Aug 6 (Reuters) – Hundreds of Myanmar civil society groups on Friday rejected the appointment of a special envoy by the Association of Southeast Asian Nations (ASEAN), saying the regional organisation should have consulted opponents of the ruling junta and other parties.
ASEAN foreign ministers on Wednesday appointed Brunei’s second minister for foreign affairs, Erywan Yusof, as a special envoy to Myanmar to try to resolve the crisis in Myanmar by opening dialogue and overseeing humanitarian aid.
“The Myanmar CSOs (civil society organisations) express deep disappointment with ASEAN and their lack of inclusive decision-making process and inaction in the face of some of the most heinous crimes committed in the region,” a statement from 413 groups said.
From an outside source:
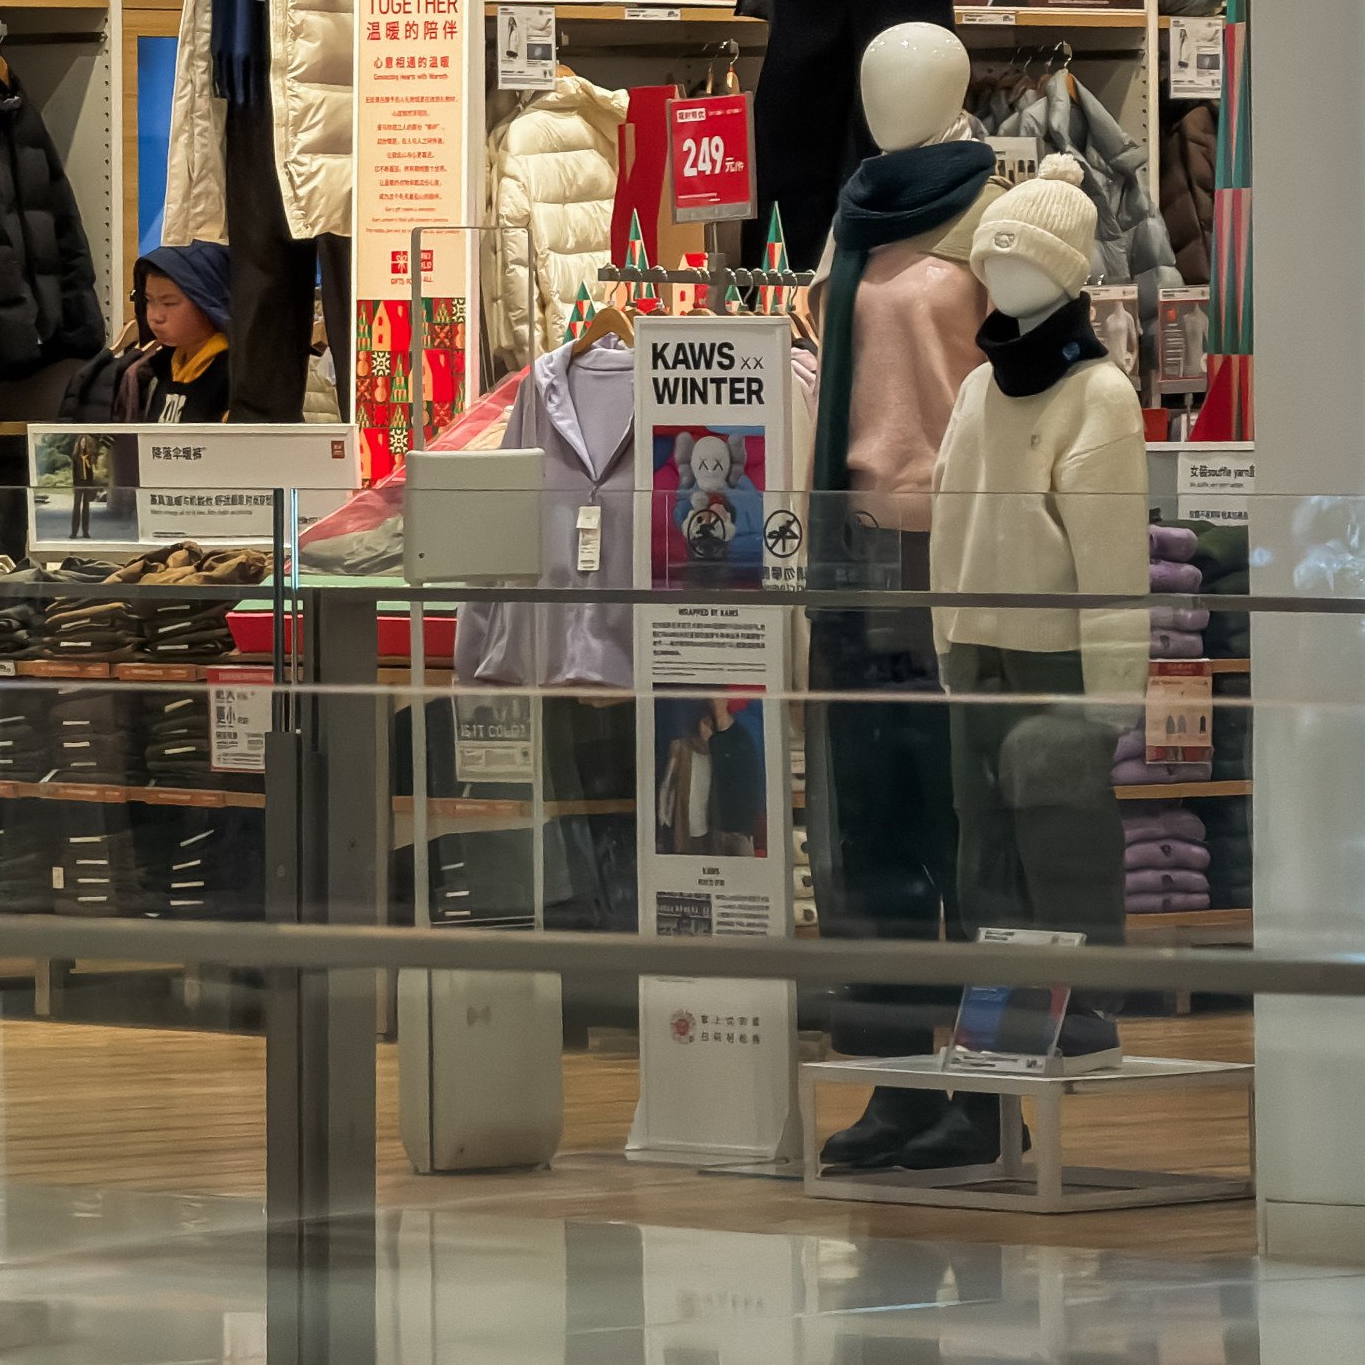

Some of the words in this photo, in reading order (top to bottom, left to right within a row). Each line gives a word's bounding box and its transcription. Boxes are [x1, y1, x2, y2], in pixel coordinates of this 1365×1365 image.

[367, 20, 458, 41] 温暖的陪伴
[682, 135, 724, 177] 249
[651, 342, 735, 370] KAWS
[652, 377, 765, 405] WINTER
Neither ASEAN’s secretariat nor the Brunei foreign ministry made any immediate comment. The military government did not respond to a request for comment.
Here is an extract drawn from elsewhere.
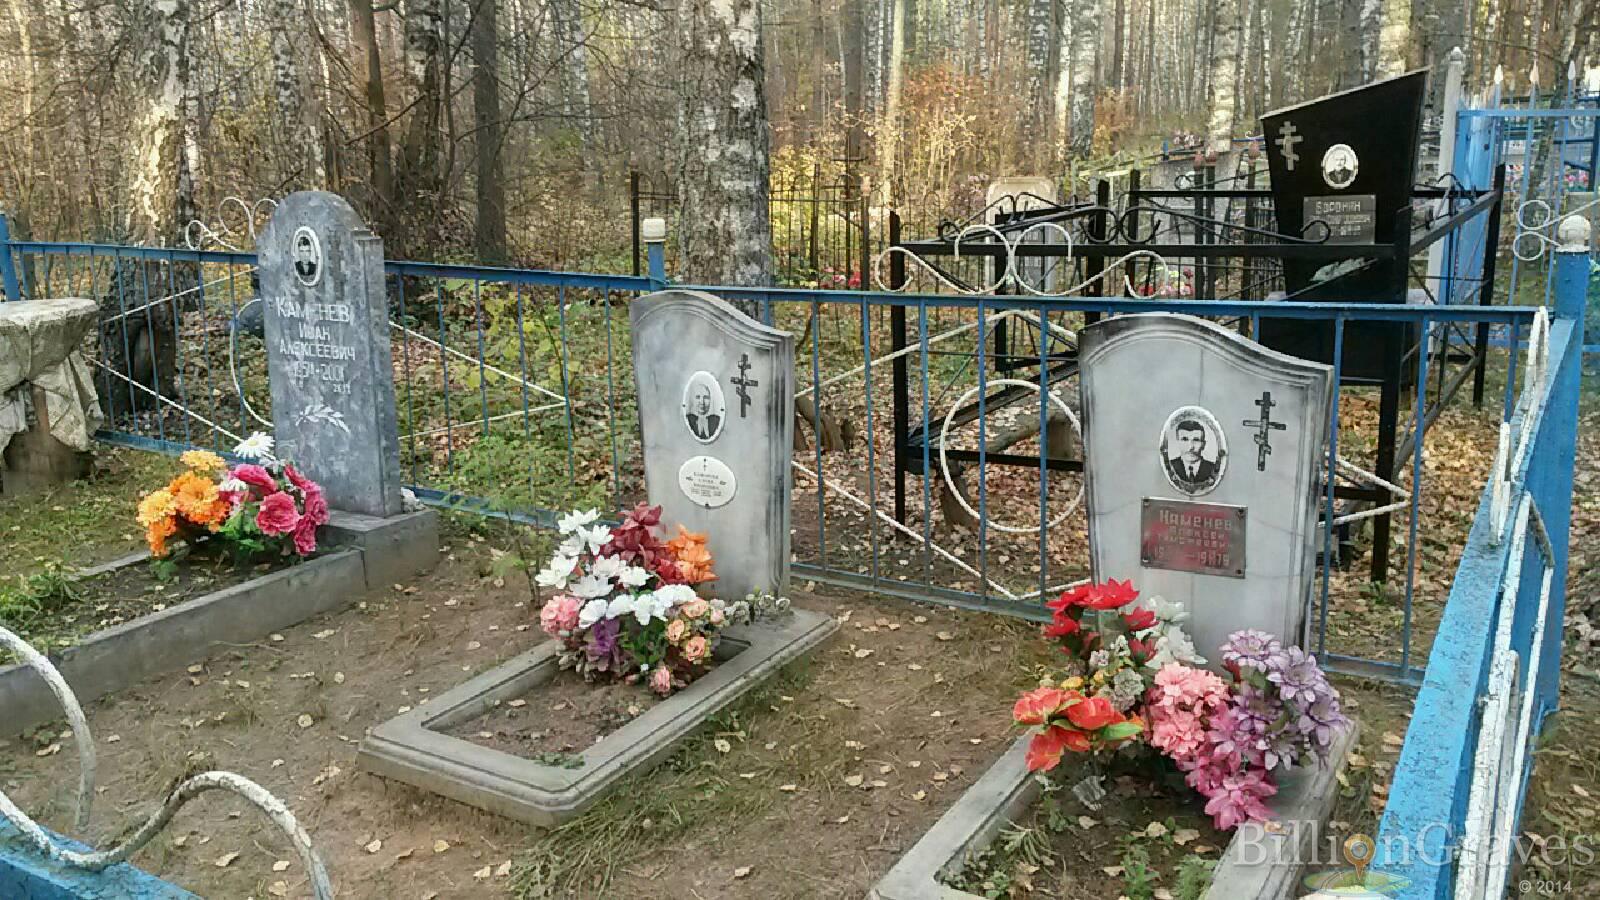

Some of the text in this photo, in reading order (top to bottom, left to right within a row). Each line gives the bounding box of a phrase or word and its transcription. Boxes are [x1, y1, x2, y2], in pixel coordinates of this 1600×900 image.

The Myanmar groups said that a National Unity Government set up by opponents of the junta should also have been consulted about the appointment. It has not yet made any comment on the naming of the envoy itself.
The government headed by army chief and prime minister Min Aung Hlaing has approved the appointment, state-controlled media have reported.
Myanmar has been in political turmoil since the army overthrew the elected civilian government of Aung San Suu Kyi on Feb. 1.
Hundreds of people have been killed as the military cracked down on opposition protests, and in clashes between soldiers and local people’s defence forces which are lightly armed and often hastily assembled.